• _Task statement_:
Repeat, without any change, the entries presented below.
** Exercise data follows **
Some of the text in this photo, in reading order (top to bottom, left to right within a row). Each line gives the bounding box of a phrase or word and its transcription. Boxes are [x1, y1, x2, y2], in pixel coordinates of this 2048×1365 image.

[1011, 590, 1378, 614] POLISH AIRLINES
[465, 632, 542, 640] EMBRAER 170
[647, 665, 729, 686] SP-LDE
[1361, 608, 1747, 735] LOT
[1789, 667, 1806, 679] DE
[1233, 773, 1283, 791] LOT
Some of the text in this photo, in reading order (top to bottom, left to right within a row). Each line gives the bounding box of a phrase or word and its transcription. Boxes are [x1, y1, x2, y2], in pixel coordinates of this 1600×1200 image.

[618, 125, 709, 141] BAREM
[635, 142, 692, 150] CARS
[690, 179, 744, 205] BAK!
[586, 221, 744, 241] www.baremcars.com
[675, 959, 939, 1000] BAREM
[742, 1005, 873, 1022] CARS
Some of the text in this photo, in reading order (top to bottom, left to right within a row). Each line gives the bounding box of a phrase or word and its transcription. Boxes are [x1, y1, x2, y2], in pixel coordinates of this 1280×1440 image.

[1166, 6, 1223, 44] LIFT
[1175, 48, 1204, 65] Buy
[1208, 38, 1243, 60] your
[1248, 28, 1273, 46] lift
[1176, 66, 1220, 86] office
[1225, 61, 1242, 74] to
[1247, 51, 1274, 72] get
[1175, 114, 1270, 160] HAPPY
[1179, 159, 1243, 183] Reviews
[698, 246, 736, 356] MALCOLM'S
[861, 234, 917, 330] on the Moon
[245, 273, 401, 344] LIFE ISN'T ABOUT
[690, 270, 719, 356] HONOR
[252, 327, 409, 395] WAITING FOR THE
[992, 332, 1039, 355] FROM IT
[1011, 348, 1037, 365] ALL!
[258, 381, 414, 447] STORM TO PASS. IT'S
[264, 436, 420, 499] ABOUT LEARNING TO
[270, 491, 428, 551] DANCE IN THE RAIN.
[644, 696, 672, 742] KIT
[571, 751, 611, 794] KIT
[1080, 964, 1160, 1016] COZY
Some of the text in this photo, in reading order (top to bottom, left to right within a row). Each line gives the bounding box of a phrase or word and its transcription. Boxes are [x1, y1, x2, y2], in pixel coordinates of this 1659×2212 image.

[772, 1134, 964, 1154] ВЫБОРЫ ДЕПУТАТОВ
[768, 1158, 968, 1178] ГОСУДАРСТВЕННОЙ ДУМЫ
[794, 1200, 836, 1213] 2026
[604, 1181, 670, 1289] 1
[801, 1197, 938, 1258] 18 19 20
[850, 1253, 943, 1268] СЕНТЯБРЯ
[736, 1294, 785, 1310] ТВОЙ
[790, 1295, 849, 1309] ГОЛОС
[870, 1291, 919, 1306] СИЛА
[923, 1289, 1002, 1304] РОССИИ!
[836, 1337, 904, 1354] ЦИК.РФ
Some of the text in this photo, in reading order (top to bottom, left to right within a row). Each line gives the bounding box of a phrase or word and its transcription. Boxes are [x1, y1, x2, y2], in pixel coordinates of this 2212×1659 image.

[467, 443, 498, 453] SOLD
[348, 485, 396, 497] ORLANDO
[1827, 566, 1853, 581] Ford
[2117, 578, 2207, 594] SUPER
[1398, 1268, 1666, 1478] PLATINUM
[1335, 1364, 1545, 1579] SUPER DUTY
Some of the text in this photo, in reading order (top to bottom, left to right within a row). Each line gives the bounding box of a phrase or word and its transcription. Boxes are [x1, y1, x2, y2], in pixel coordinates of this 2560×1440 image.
** End of Exercise data **
• _Output_:
Some of the text in this photo, in reading order (top to bottom, left to right within a row). Each line gives the bounding box of a phrase or word and its transcription. Boxes are [x1, y1, x2, y2], in pixel coordinates of this 2048×1365 image.

[1011, 590, 1378, 614] POLISH AIRLINES
[465, 632, 542, 640] EMBRAER 170
[647, 665, 729, 686] SP-LDE
[1361, 608, 1747, 735] LOT
[1789, 667, 1806, 679] DE
[1233, 773, 1283, 791] LOT
Some of the text in this photo, in reading order (top to bottom, left to right within a row). Each line gives the bounding box of a phrase or word and its transcription. Boxes are [x1, y1, x2, y2], in pixel coordinates of this 1600×1200 image.

[618, 125, 709, 141] BAREM
[635, 142, 692, 150] CARS
[690, 179, 744, 205] BAK!
[586, 221, 744, 241] www.baremcars.com
[675, 959, 939, 1000] BAREM
[742, 1005, 873, 1022] CARS
Some of the text in this photo, in reading order (top to bottom, left to right within a row). Each line gives the bounding box of a phrase or word and its transcription. Boxes are [x1, y1, x2, y2], in pixel coordinates of this 1280×1440 image.

[1166, 6, 1223, 44] LIFT
[1175, 48, 1204, 65] Buy
[1208, 38, 1243, 60] your
[1248, 28, 1273, 46] lift
[1176, 66, 1220, 86] office
[1225, 61, 1242, 74] to
[1247, 51, 1274, 72] get
[1175, 114, 1270, 160] HAPPY
[1179, 159, 1243, 183] Reviews
[698, 246, 736, 356] MALCOLM'S
[861, 234, 917, 330] on the Moon
[245, 273, 401, 344] LIFE ISN'T ABOUT
[690, 270, 719, 356] HONOR
[252, 327, 409, 395] WAITING FOR THE
[992, 332, 1039, 355] FROM IT
[1011, 348, 1037, 365] ALL!
[258, 381, 414, 447] STORM TO PASS. IT'S
[264, 436, 420, 499] ABOUT LEARNING TO
[270, 491, 428, 551] DANCE IN THE RAIN.
[644, 696, 672, 742] KIT
[571, 751, 611, 794] KIT
[1080, 964, 1160, 1016] COZY
Some of the text in this photo, in reading order (top to bottom, left to right within a row). Each line gives the bounding box of a phrase or word and its transcription. Boxes are [x1, y1, x2, y2], in pixel coordinates of this 1659×2212 image.

[772, 1134, 964, 1154] ВЫБОРЫ ДЕПУТАТОВ
[768, 1158, 968, 1178] ГОСУДАРСТВЕННОЙ ДУМЫ
[794, 1200, 836, 1213] 2026
[604, 1181, 670, 1289] 1
[801, 1197, 938, 1258] 18 19 20
[850, 1253, 943, 1268] СЕНТЯБРЯ
[736, 1294, 785, 1310] ТВОЙ
[790, 1295, 849, 1309] ГОЛОС
[870, 1291, 919, 1306] СИЛА
[923, 1289, 1002, 1304] РОССИИ!
[836, 1337, 904, 1354] ЦИК.РФ
Some of the text in this photo, in reading order (top to bottom, left to right within a row). Each line gives the bounding box of a phrase or word and its transcription. Boxes are [x1, y1, x2, y2], in pixel coordinates of this 2212×1659 image.

[467, 443, 498, 453] SOLD
[348, 485, 396, 497] ORLANDO
[1827, 566, 1853, 581] Ford
[2117, 578, 2207, 594] SUPER
[1398, 1268, 1666, 1478] PLATINUM
[1335, 1364, 1545, 1579] SUPER DUTY
Some of the text in this photo, in reading order (top to bottom, left to right within a row). Each line gives the bounding box of a phrase or word and its transcription. Boxes are [x1, y1, x2, y2], in pixel coordinates of this 2560×1440 image.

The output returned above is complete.